Below is a textual/block diagram showing the pipeline.

PDF Collection (3 PDFs) ---> Text Extraction (pdfplumber) ---> Chunking & Index (overlapping) ---> Context Assembly (top-k chunks + prompt) ---> Generator (OpenAI or local FLAN-T5) ---> Final Answer

## 5) Text chunking strategy

We use **character-based chunking** with overlap:

- **Chunk size:** 1000 characters (~150–220 words typical)  
- **Chunk overlap:** 200 characters

**Reasoning / justification:**
- Keeps chunks large enough to retain short narrative sections or paragraphs (context) so the generator sees coherent text.
- Overlap of 200 chars reduces boundary-cut issues (important so sentences/concepts that cross chunk borders are not lost).
- Character-based chunking is robust across fonts/models where tokenizers might differ; it's implementation-simple and deterministic.
- For production, you may adapt to token-based chunking (e.g., 512–1024 tokens) if using a specific LLM tokenizer.


## 6) Embedding model selection

**Model used:** `all-MiniLM-L6-v2` from SentenceTransformers.

**Why chosen:**
- Small, fast, and accurate for semantic search over varied text.
- Produces 384-dimensional dense vectors — compact for FAISS.
- No API keys required (runs locally with CPU/GPU).
- Widely used in RAG/semantic search tutorials; good tradeoff between performance and compute needs.


## 7) Implementation: Data-loading → Chunking → Embedding → FAISS → Retrieval → Generation

Full code block-by-block. Read comments. Run sequentially.

In [3]:
# 7.1 Load PDFs and extract text
pdf_files = ["alice_in_wonderland.pdf", "pride_and_prejudice.pdf", "sherlock_adventures.pdf"]

def extract_text_from_pdf(path: str) -> str:
    text_pages = []
    with pdfplumber.open(path) as pdf:
        for p in pdf.pages:
            txt = p.extract_text()
            if txt:
                text_pages.append(txt)

    full_text = clean_text("\n\n".join(text_pages))

    # Remove Project Gutenberg boilerplate
    start_marker = "*** START OF"
    end_marker = "*** END OF"

    start_idx = full_text.find(start_marker)
    if start_idx != -1:
        full_text = full_text[start_idx + 200:]  # skip header safely

    end_idx = full_text.find(end_marker)
    if end_idx != -1:
        full_text = full_text[:end_idx]

    return full_text.strip()


corpus_texts = {}
for f in pdf_files:
    if not os.path.exists(f):
        raise FileNotFoundError(f"Required file not found: {f}. Please upload it.")
    corpus_texts[f] = extract_text_from_pdf(f)
    print(f"Loaded {f}: {len(corpus_texts[f])} characters")

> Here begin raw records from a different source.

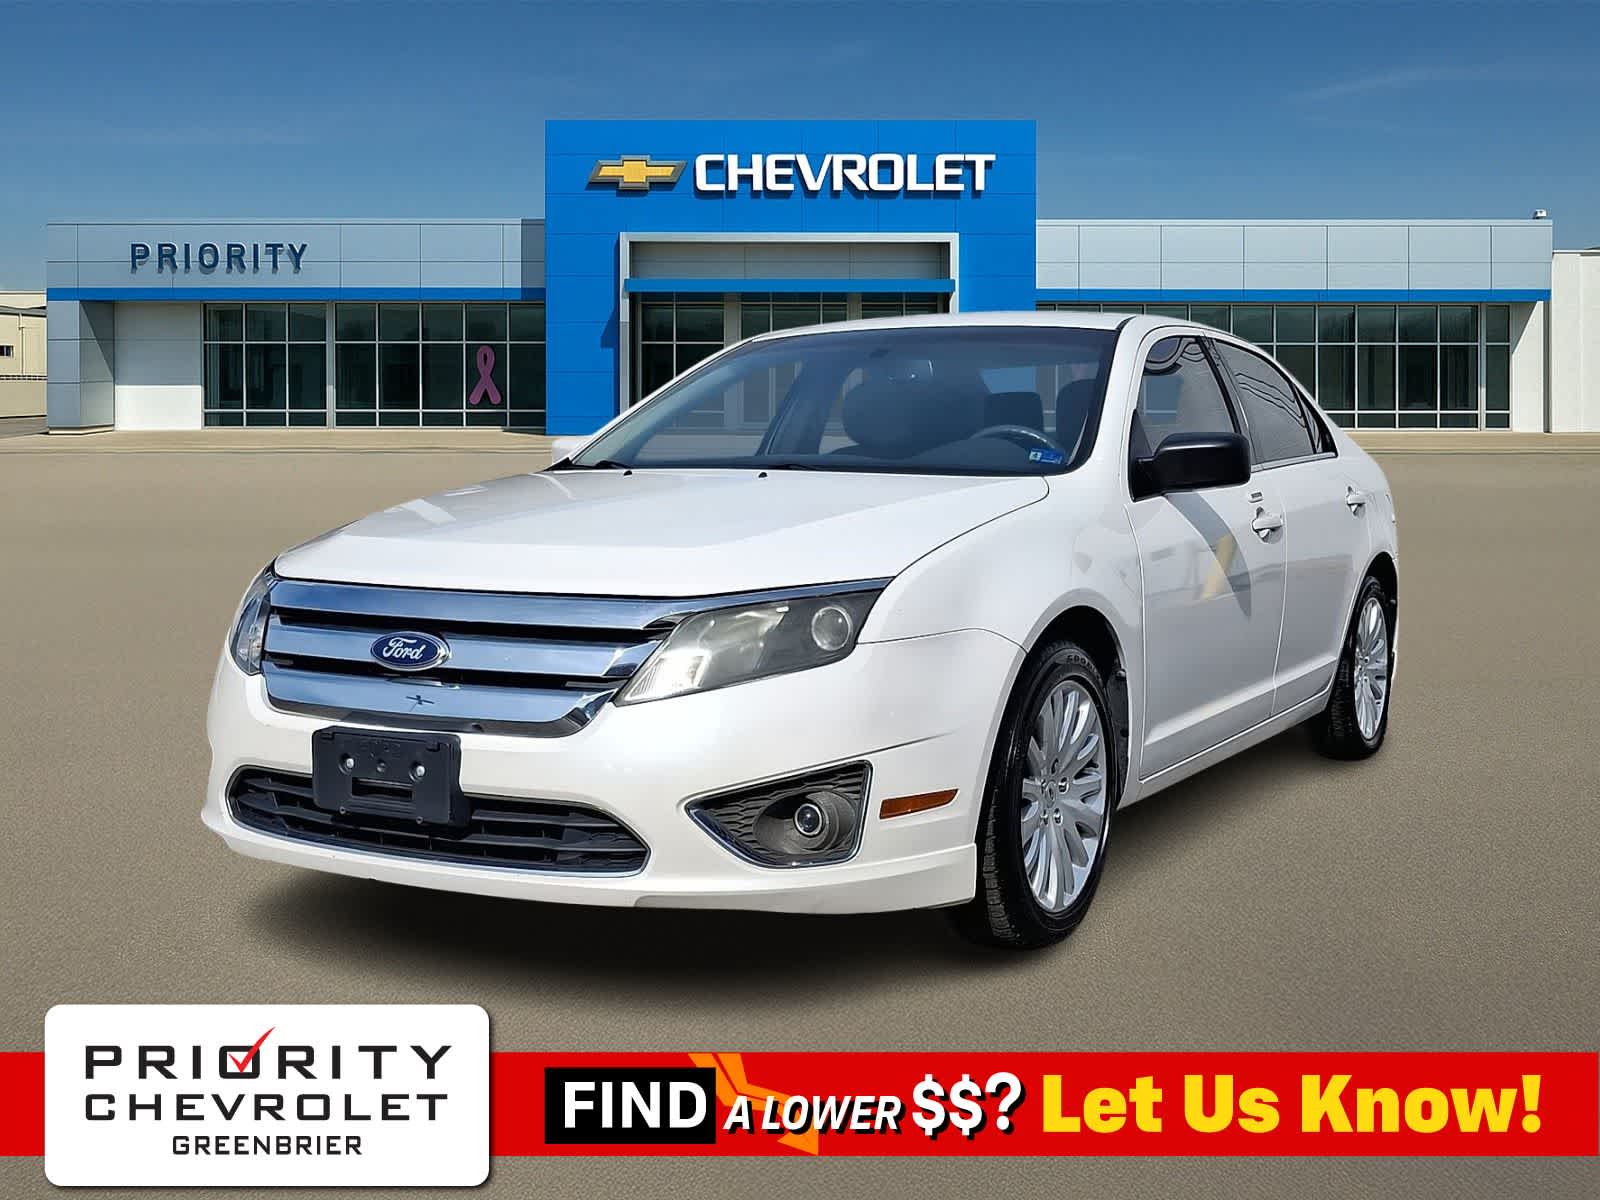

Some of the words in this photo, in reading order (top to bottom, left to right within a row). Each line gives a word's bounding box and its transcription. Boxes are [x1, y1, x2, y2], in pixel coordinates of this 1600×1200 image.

[695, 153, 996, 191] CHEVROLET
[130, 242, 308, 271] PRIORITY
[382, 637, 427, 660] Ford
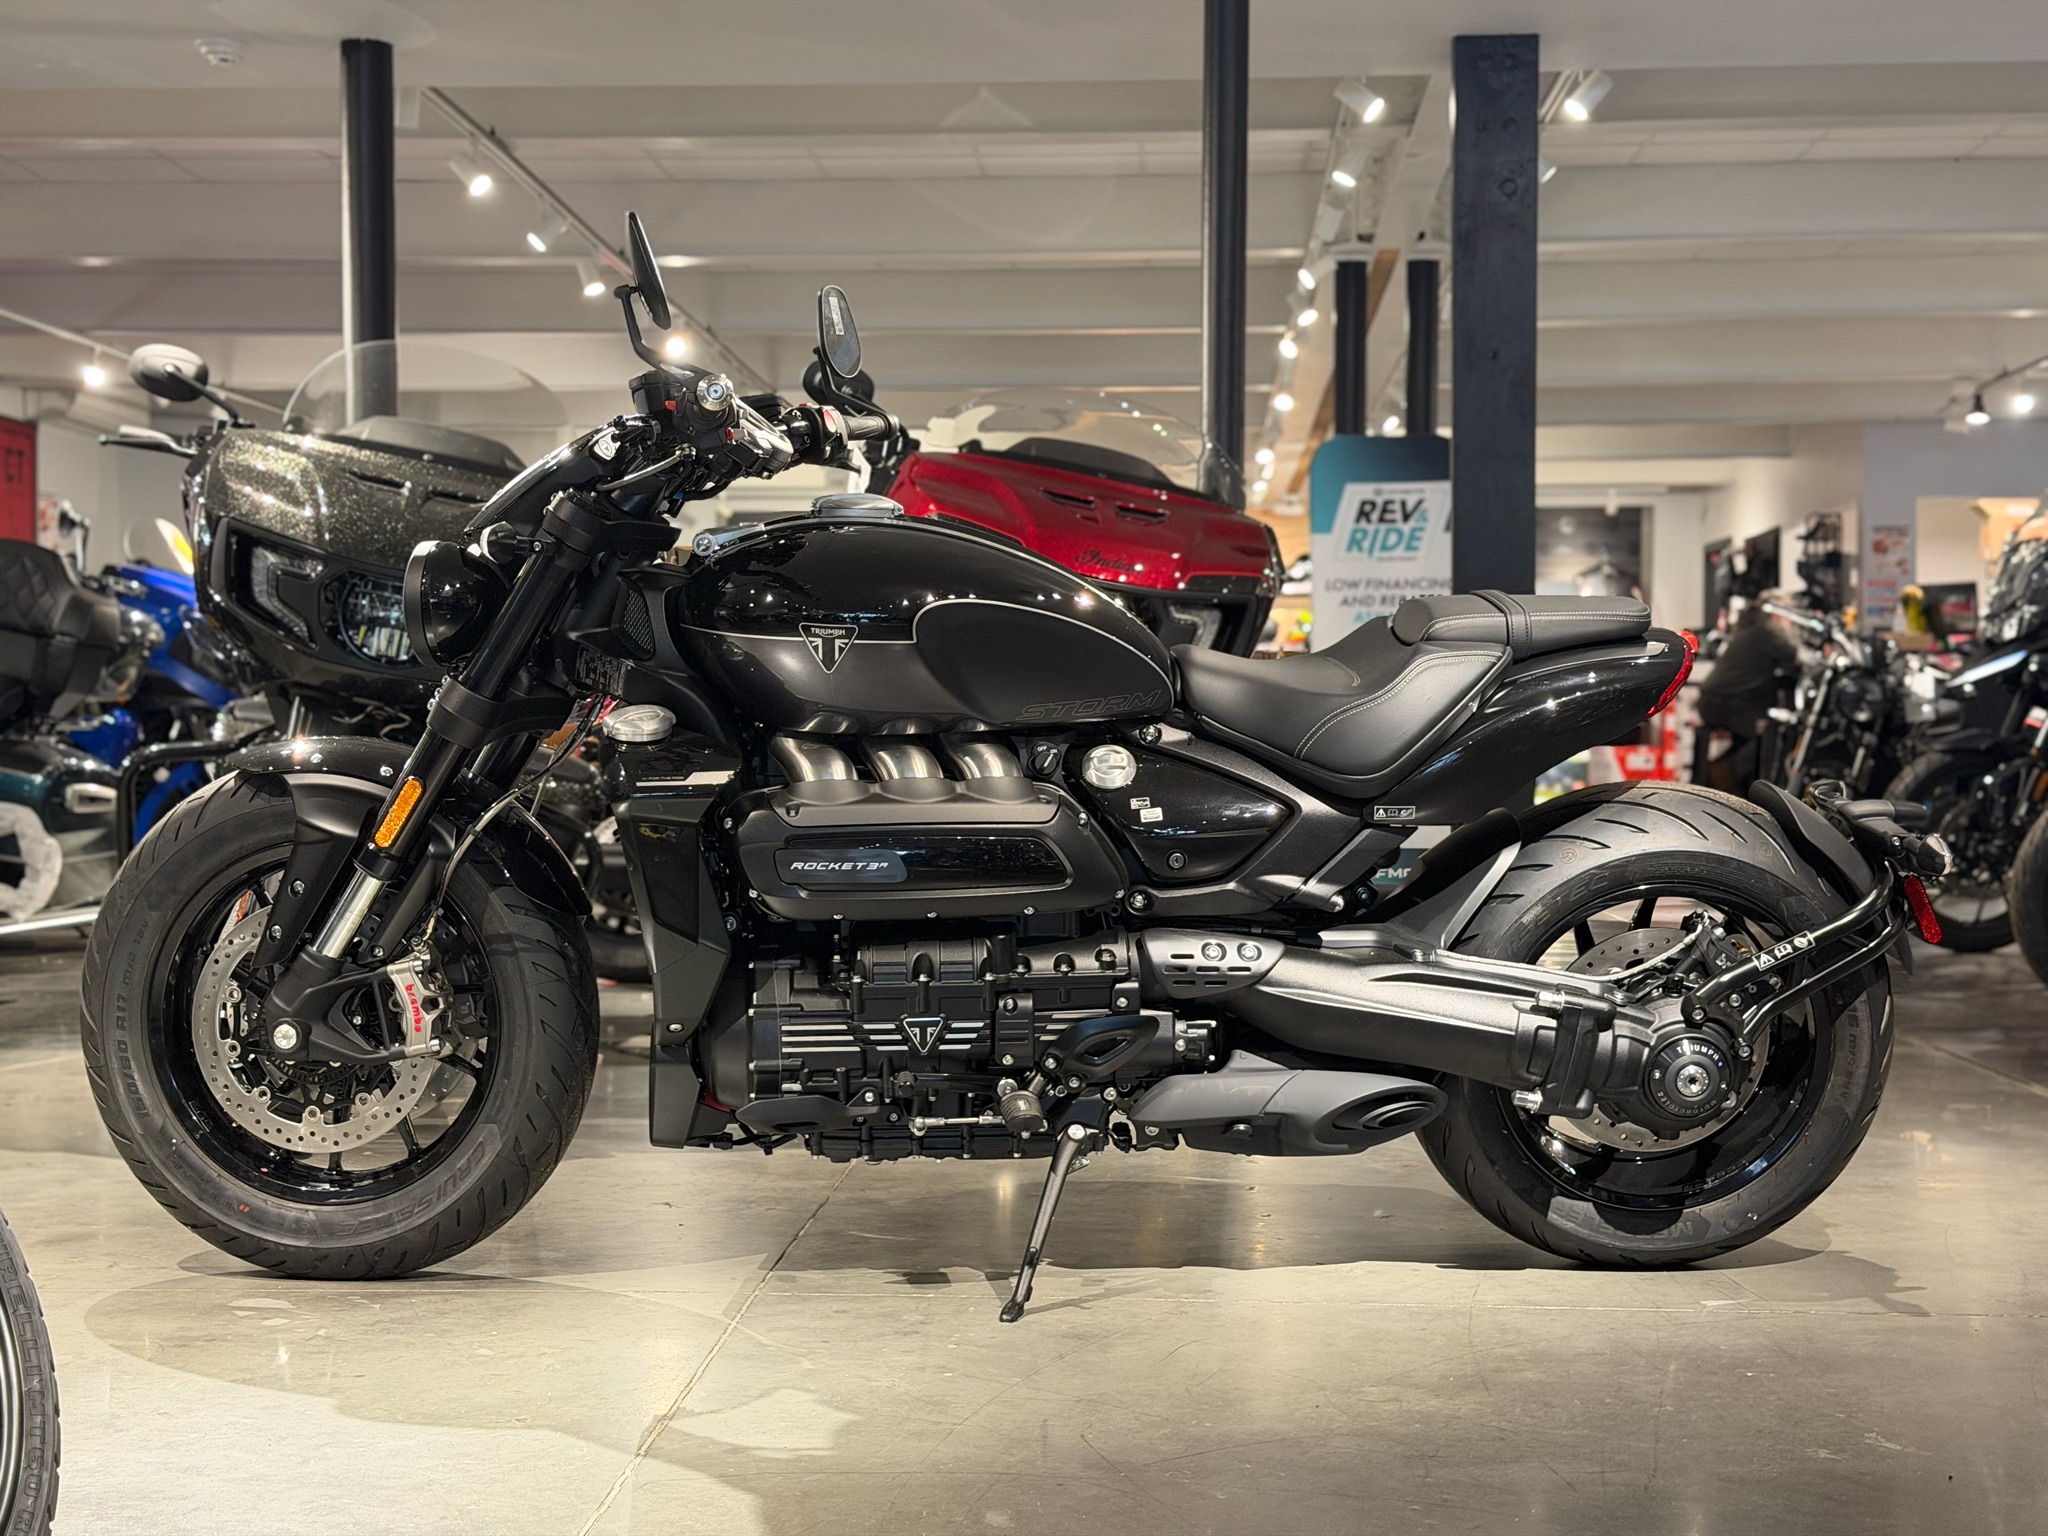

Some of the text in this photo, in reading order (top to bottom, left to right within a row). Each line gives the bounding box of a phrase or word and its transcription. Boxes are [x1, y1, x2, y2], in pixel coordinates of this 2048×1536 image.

[1345, 527, 1424, 557] RIDE
[1325, 578, 1359, 592] LOW
[1340, 594, 1376, 607] AND
[811, 627, 846, 637] TRIUMPH
[1015, 689, 1162, 721] STORM
[405, 983, 424, 1034] brembo
[1676, 1044, 1720, 1061] TRIUMPH
[1657, 1091, 1718, 1114] MOTORCYCLES
[0, 1230, 43, 1378] IRELLI
[24, 1390, 47, 1502] MT60

Loaded alice_in_wonderland.pdf: 142706 characters
Loaded pride_and_prejudice.pdf: 505894 characters
Loaded sherlock_adventures.pdf: 587310 characters


In [4]:
# 7.2 Chunking function (character-wise)
def chunk_text(text: str, chunk_size: int = 2000, chunk_overlap: int = 300) -> List[str]:
    chunks = []
    start = 0
    L = len(text)
    while start < L:
        end = start + chunk_size
        chunk = text[start:end]
        chunks.append(clean_text(chunk))
        start = end - chunk_overlap  # overlap
        if start < 0:
            start = 0
    return [c for c in chunks if len(c) > 50]  # drop tiny chunks

# Create chunk list with metadata
all_chunks = []
for fname, txt in corpus_texts.items():
    cks = chunk_text(txt, chunk_size=1000, chunk_overlap=200)
    for i, c in enumerate(cks):
        meta = {"source": fname, "chunk_id": f"{os.path.basename(fname)}_chunk_{i}", "text_preview": c[:200]}
        all_chunks.append((c, meta))
print(f"Total chunks created: {len(all_chunks)}")

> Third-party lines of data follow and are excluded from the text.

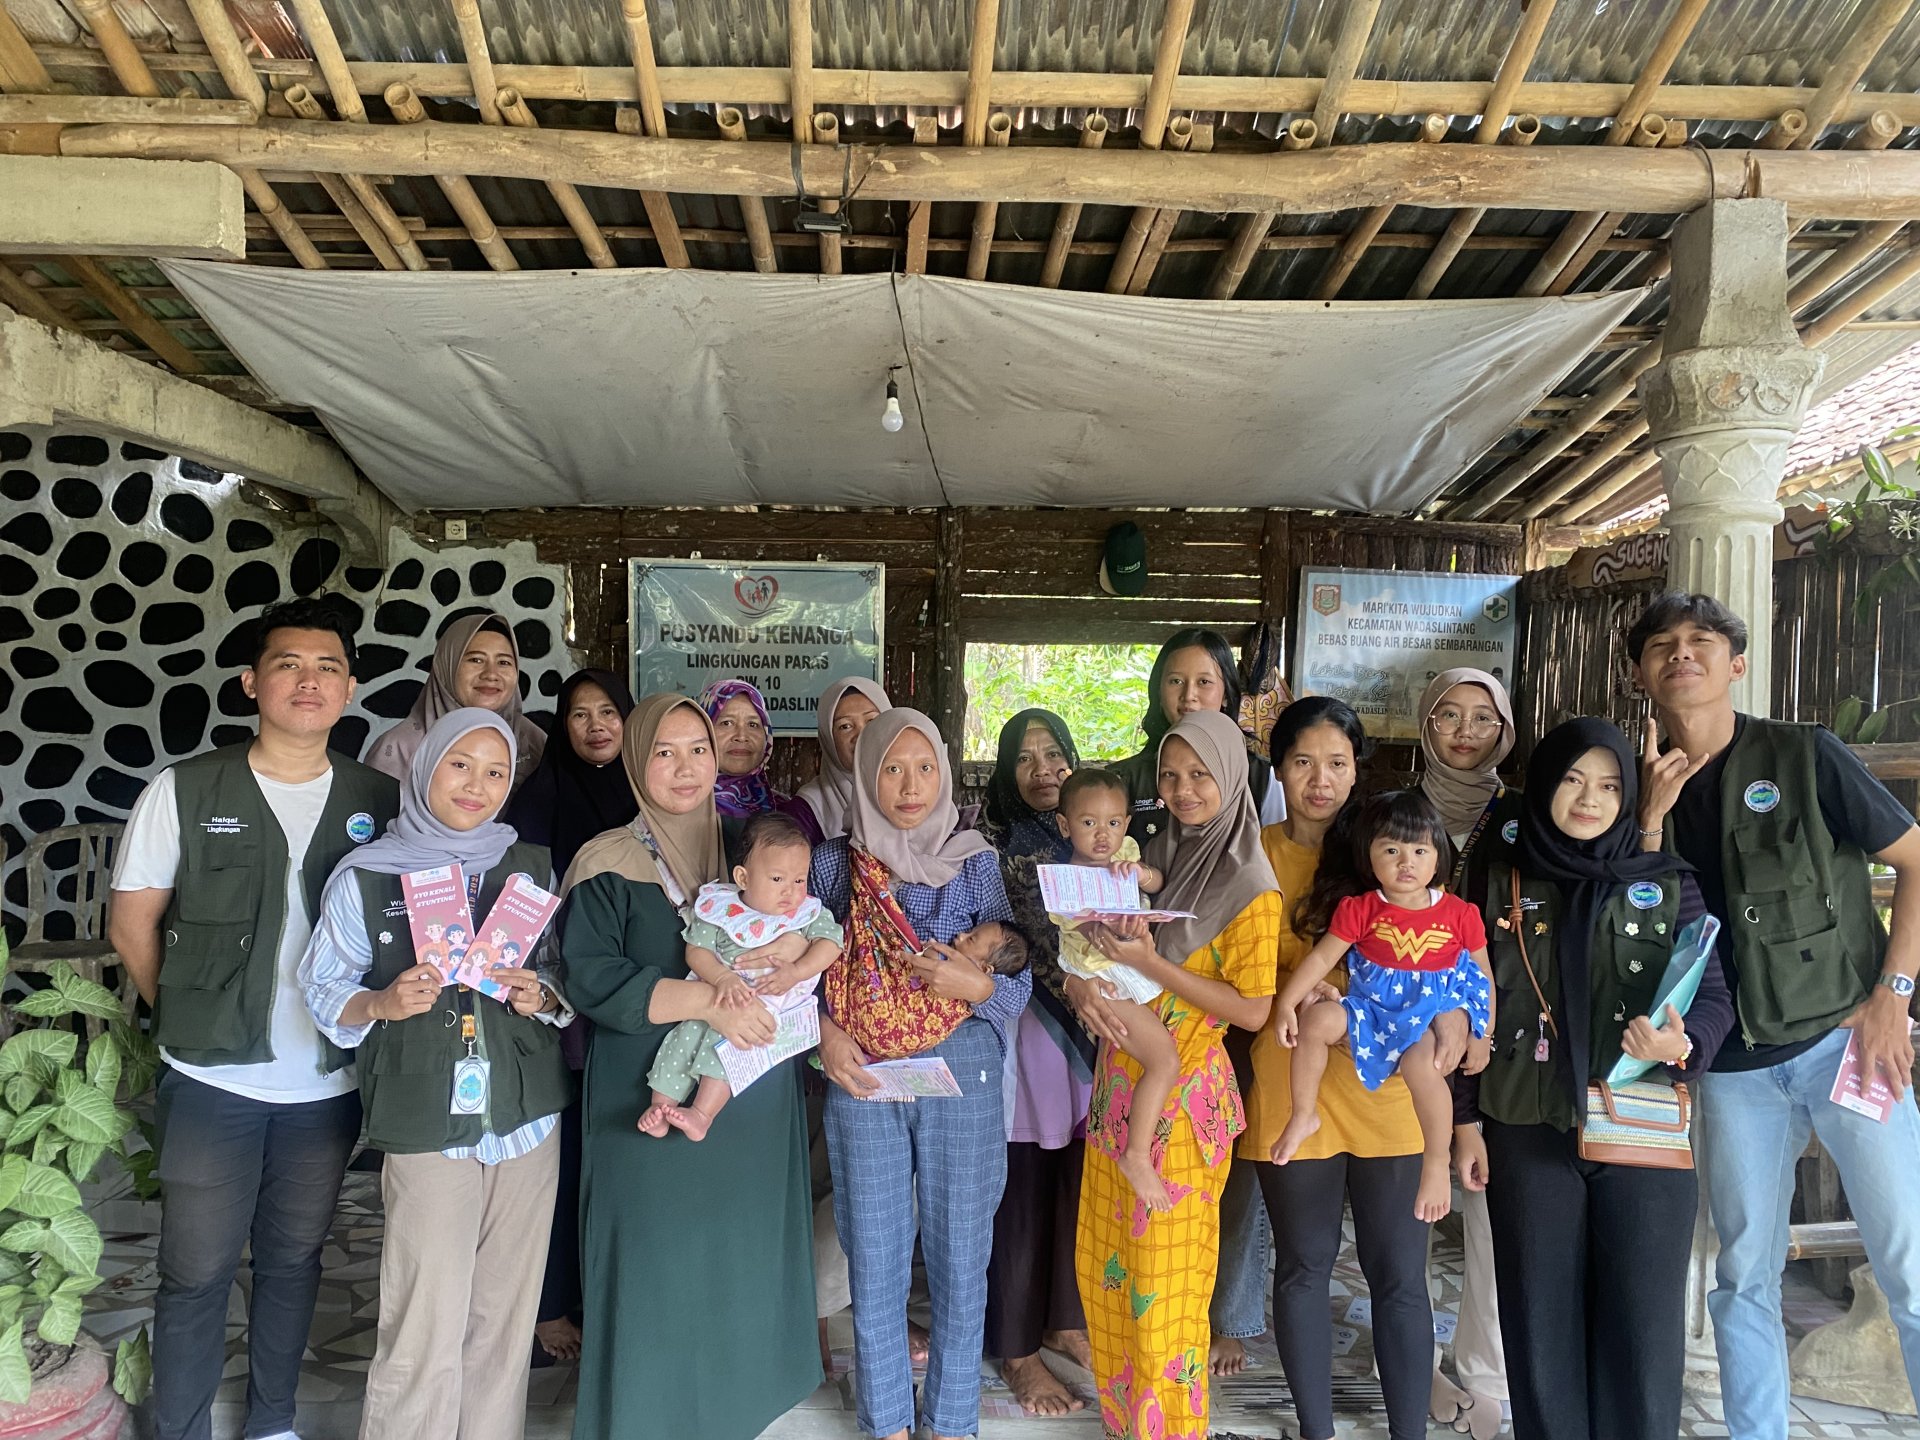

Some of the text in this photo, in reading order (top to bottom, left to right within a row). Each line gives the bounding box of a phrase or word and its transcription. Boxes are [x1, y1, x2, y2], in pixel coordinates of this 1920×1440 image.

[1411, 603, 1462, 617] WUJUDKAN
[660, 623, 855, 645] POSYANDU KENANGA
[1347, 617, 1476, 635] KECAMATAN WADASLINTANG
[1318, 633, 1504, 653] BEBAS BUANG AIR BESAR SEMBARANGAN
[687, 654, 829, 670] LINGKUNGAN PARAS
[765, 675, 781, 690] 10
[764, 697, 819, 712] ADASLIN
[413, 885, 456, 900] AYO KENALI
[415, 894, 456, 908] STUNTING!
[505, 895, 543, 917] AYO KENALI
[502, 903, 538, 925] STUNTING!

Total chunks created: 1547


In [5]:
# 7.3 Embeddings — model load and encode all chunks
embed_model_name = "all-MiniLM-L6-v2"
embed_model = SentenceTransformer(embed_model_name)

# Batch encode
texts = [c for c, _ in all_chunks]
batch_size = 64
embeddings = embed_model.encode(texts, show_progress_bar=True, batch_size=batch_size, convert_to_numpy=True)
print("Embeddings shape:", embeddings.shape)


Batches:   0%|          | 0/25 [00:00<?, ?it/s]

Embeddings shape: (1547, 384)


In [6]:
# 7.4 Build FAISS index (inner-product / cosine similarity via normalization)
d = embeddings.shape[1]
# We'll use IndexFlatIP with normalized vectors for cosine similarity
index = faiss.IndexFlatIP(d)
# normalize embeddings for cosine similarity
def normalize(v: np.ndarray):
    norms = np.linalg.norm(v, axis=1, keepdims=True)
    norms[norms==0] = 1e-10
    return v / norms

embeddings_norm = normalize(embeddings.astype('float32'))
index.add(embeddings_norm)
print("FAISS index size (n):", index.ntotal)

# Save metadata mapping: index->meta
index_meta = [meta for _, meta in all_chunks]
# Save index and meta
save_faiss_index(index, index_meta, index_path="faiss_index.bin", meta_path="index_meta.pkl")
print("Index and metadata saved.")


FAISS index size (n): 1547
Index and metadata saved.


In [7]:
# 7.5 Retrieval function: return top_k chunks for a query
def embed_query(query: str):
    q_emb = embed_model.encode([query], convert_to_numpy=True)
    return normalize(q_emb.astype('float32'))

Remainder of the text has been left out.